→ TASK INSTRUCTIONS
Which lines run from the one containing "this 1280×960 image." through the end of the data? Write them out exactly, with the pictures left out.

→ INFORMATION SHOWN

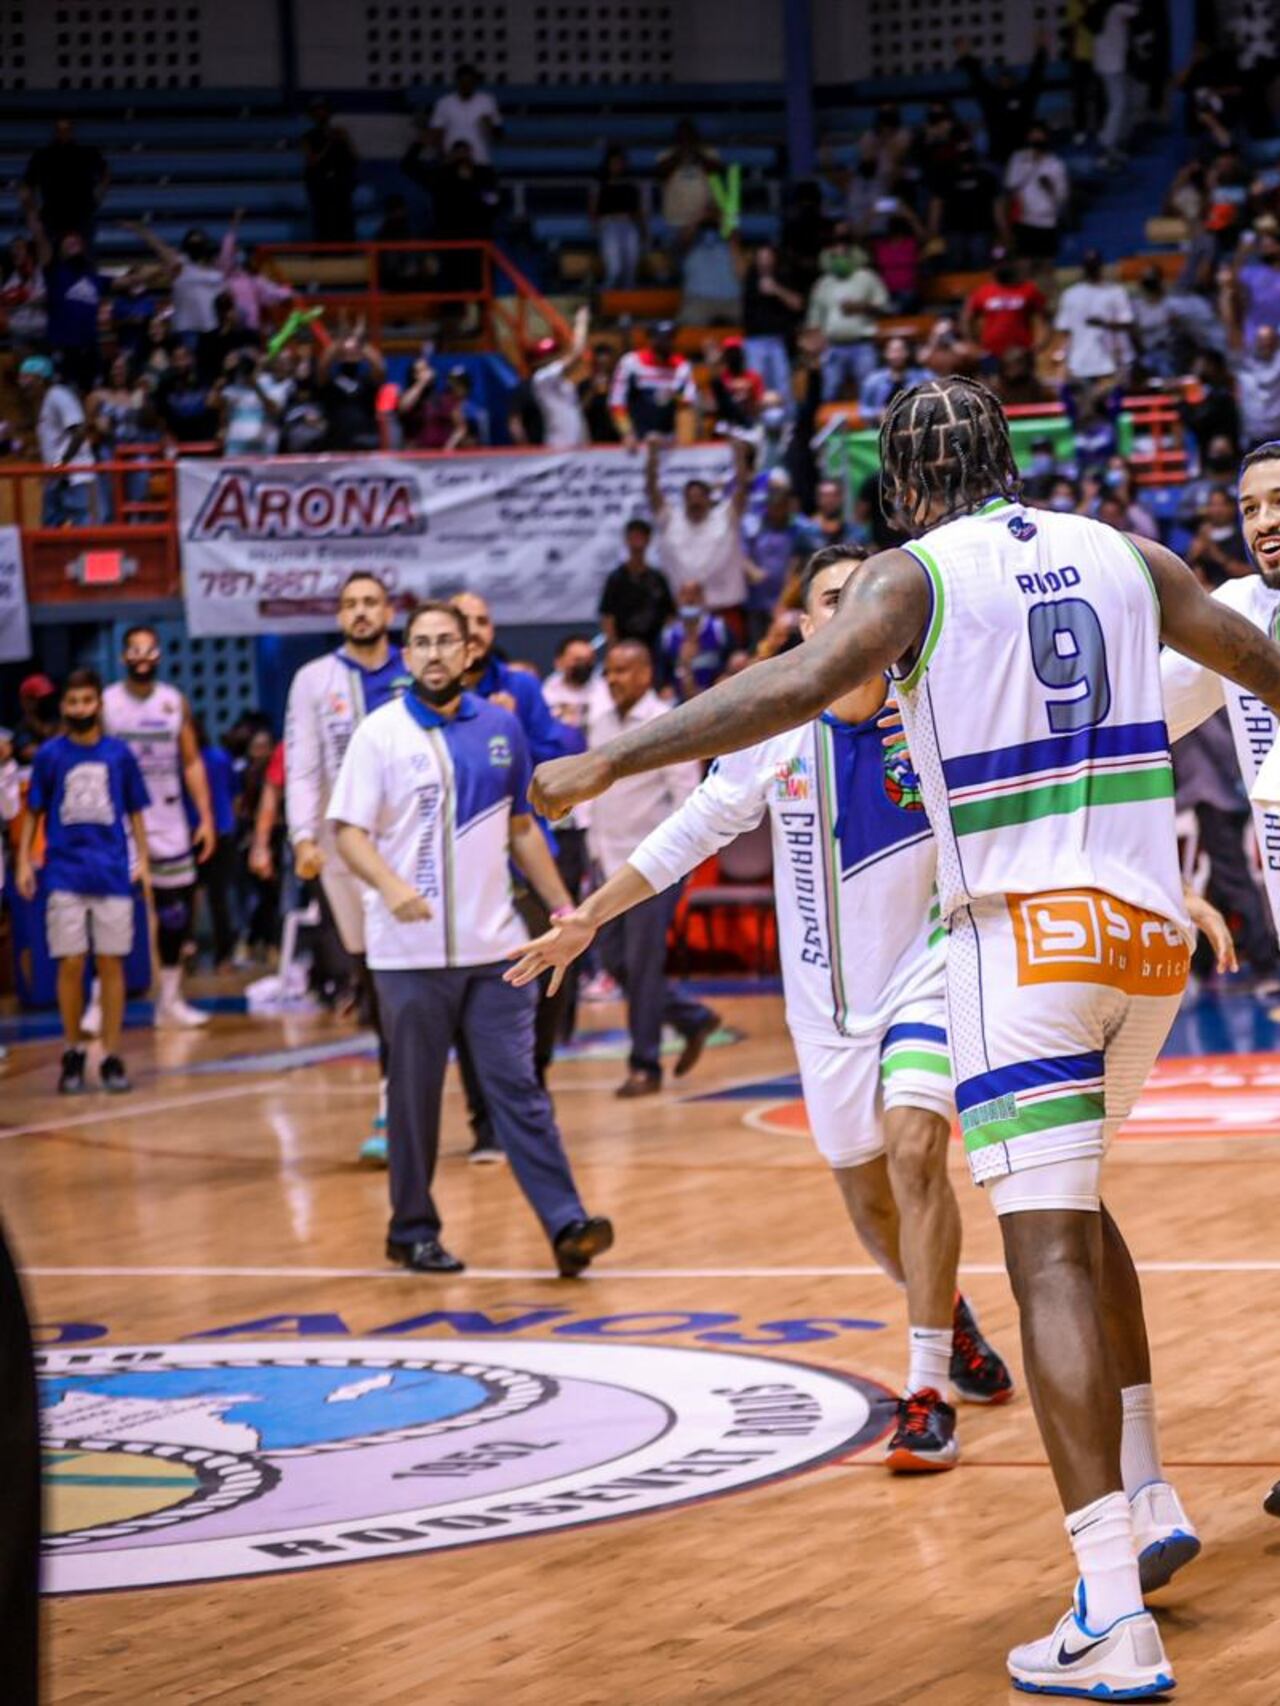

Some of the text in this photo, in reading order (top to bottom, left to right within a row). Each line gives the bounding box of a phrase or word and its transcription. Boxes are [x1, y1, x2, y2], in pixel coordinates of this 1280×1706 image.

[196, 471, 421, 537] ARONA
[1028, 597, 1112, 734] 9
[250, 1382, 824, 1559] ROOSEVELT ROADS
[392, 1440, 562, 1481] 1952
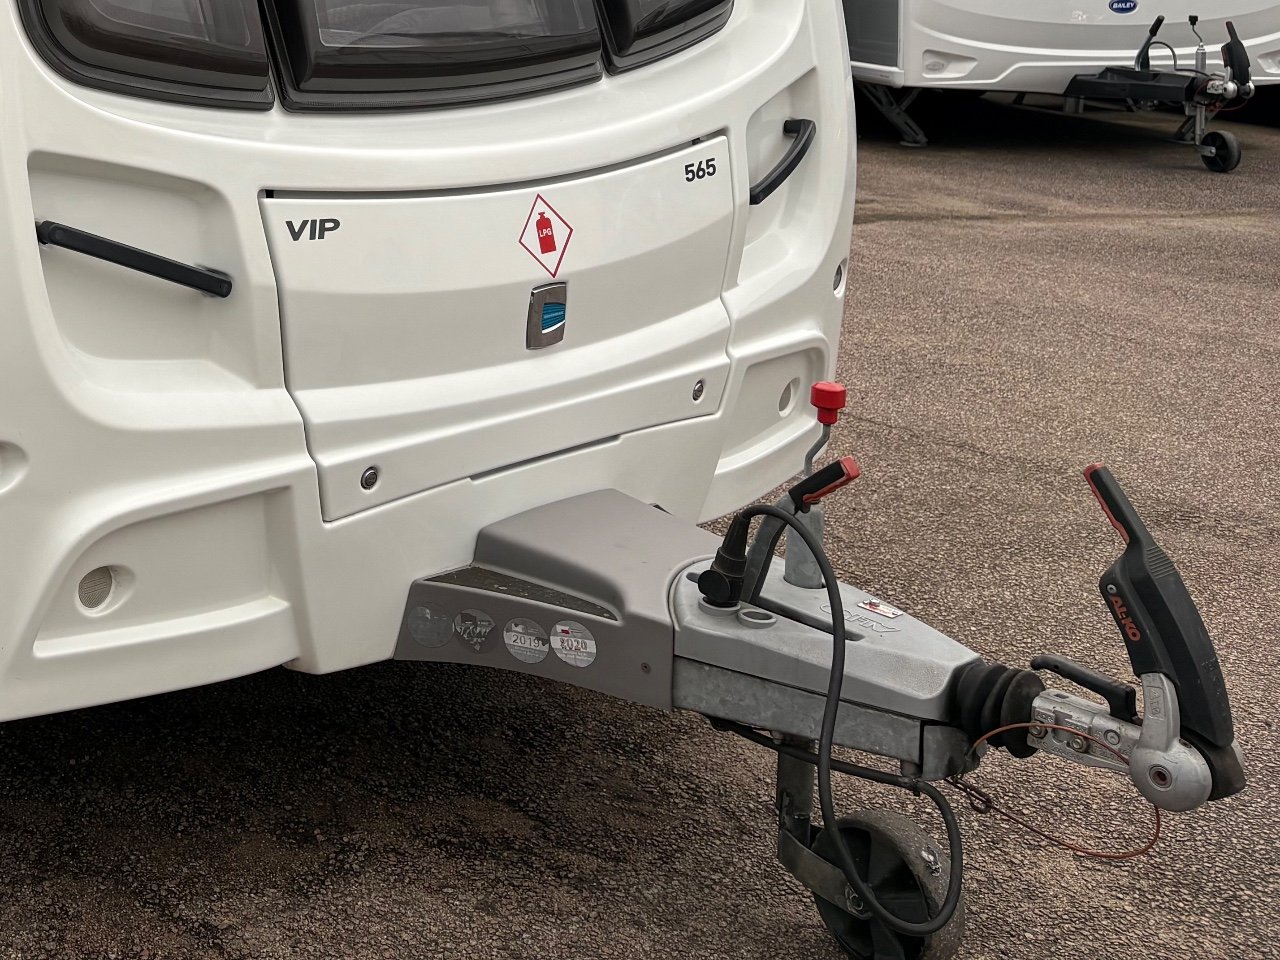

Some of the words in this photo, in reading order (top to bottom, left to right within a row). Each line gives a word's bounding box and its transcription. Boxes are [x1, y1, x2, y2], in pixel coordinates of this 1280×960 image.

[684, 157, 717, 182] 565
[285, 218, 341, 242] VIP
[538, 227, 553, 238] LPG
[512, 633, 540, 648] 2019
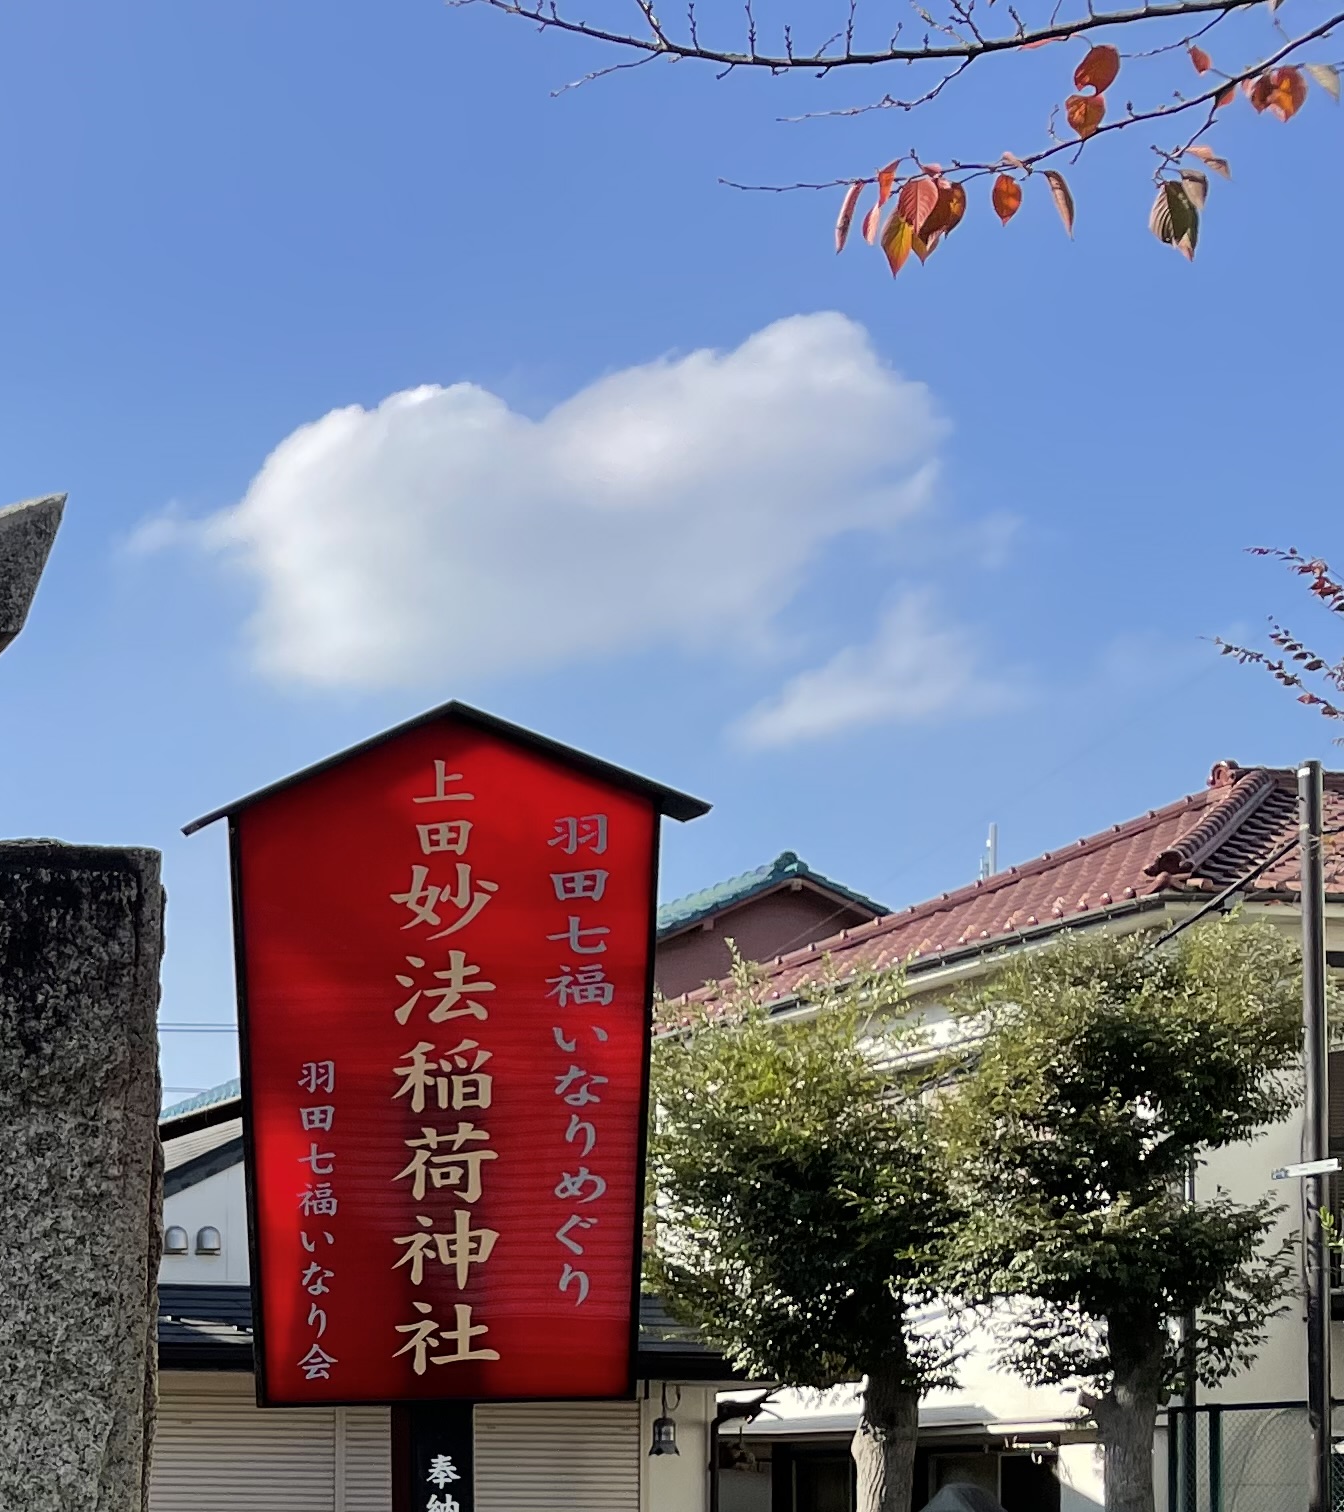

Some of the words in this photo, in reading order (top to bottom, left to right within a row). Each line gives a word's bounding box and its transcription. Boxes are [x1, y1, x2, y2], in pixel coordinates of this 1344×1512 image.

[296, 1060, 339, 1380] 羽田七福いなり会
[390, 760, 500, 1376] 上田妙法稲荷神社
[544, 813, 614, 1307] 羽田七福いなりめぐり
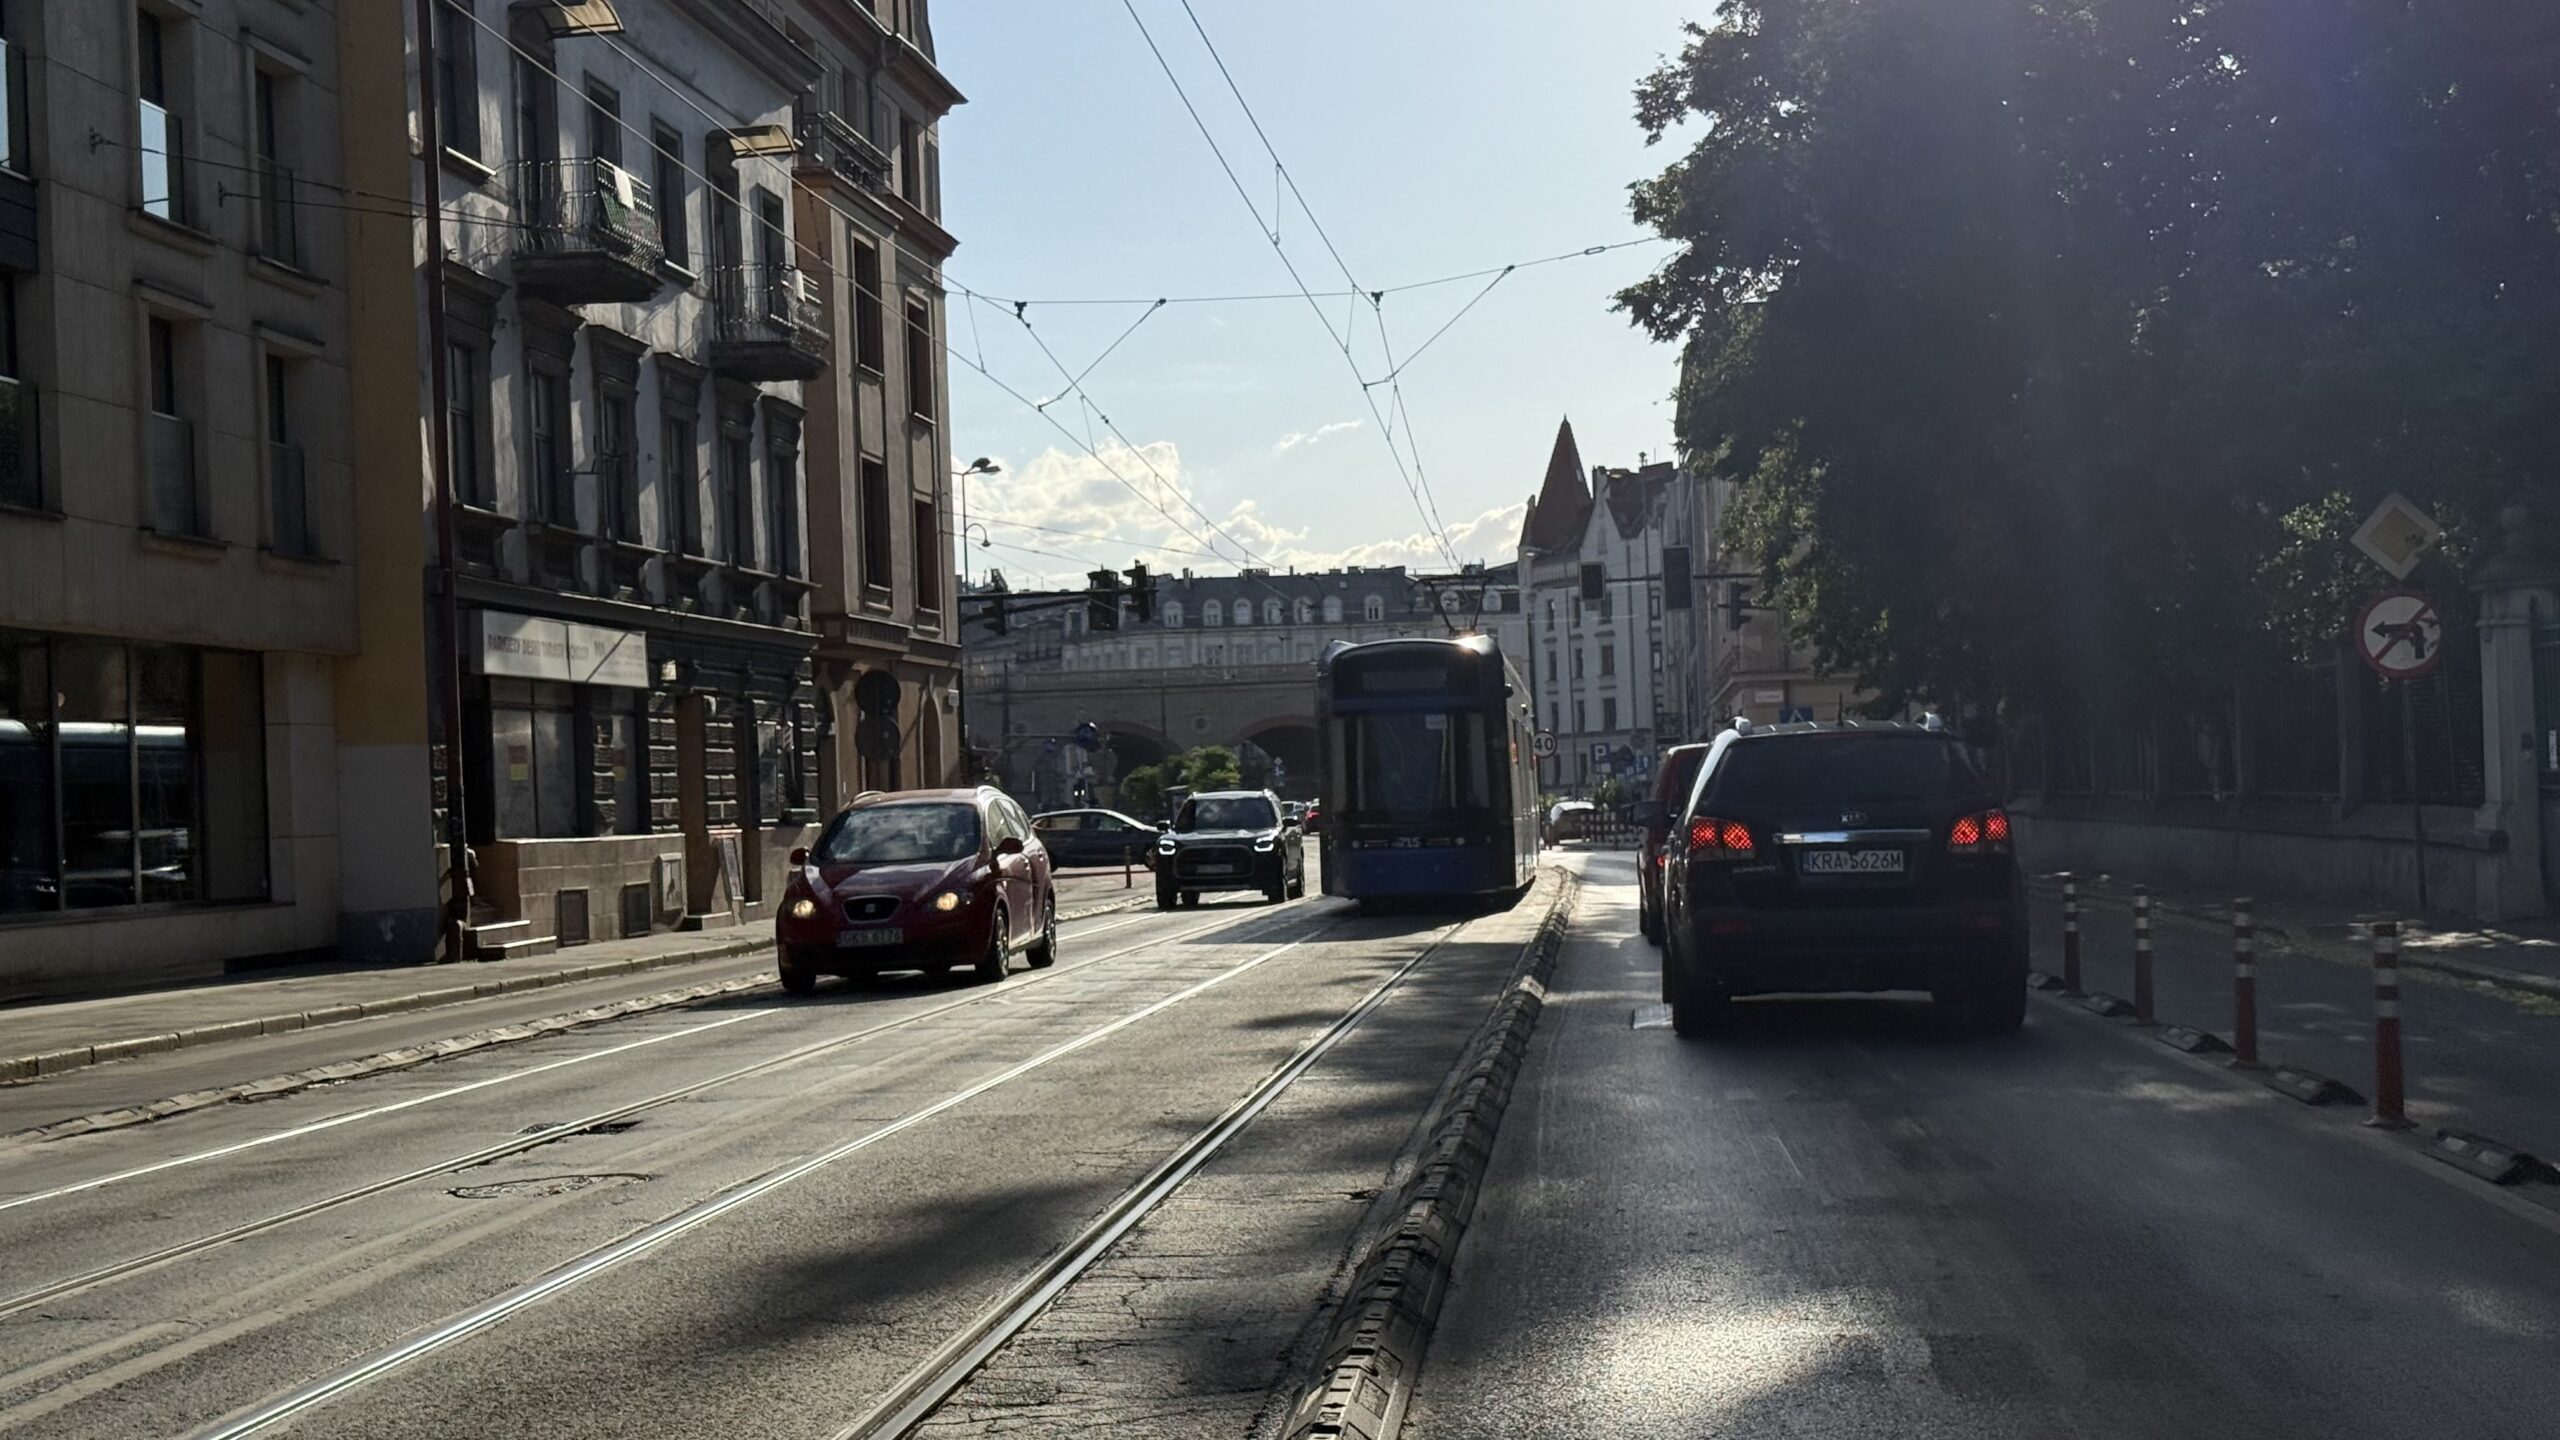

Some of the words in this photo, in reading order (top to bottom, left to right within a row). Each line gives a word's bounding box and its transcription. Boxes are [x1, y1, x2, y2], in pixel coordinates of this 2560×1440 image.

→ SOLUTION FOR THIS PROBLEM
Some of the words in this photo, in reading order (top to bottom, left to right within a row). Each line gives a word's bounding box and its transcription. Boxes are [x1, y1, x2, y2], in pixel coordinates of this 1280×960 image.

[684, 157, 717, 182] 565
[285, 218, 341, 242] VIP
[538, 227, 553, 238] LPG
[512, 633, 540, 648] 2019

Some of the words in this photo, in reading order (top to bottom, left to right within a row). Each line gives a word's bounding box and its transcription. Boxes are [x1, y1, x2, y2], in pixel coordinates of this 1344×1512 image.

[296, 1060, 339, 1380] 羽田七福いなり会
[390, 760, 500, 1376] 上田妙法稲荷神社
[544, 813, 614, 1307] 羽田七福いなりめぐり

Some of the words in this photo, in reading order (top to bottom, left to right within a row). Each line gives a word's bounding box and its transcription. Boxes are [x1, y1, x2, y2], in pixel coordinates of this 2560×1440 image.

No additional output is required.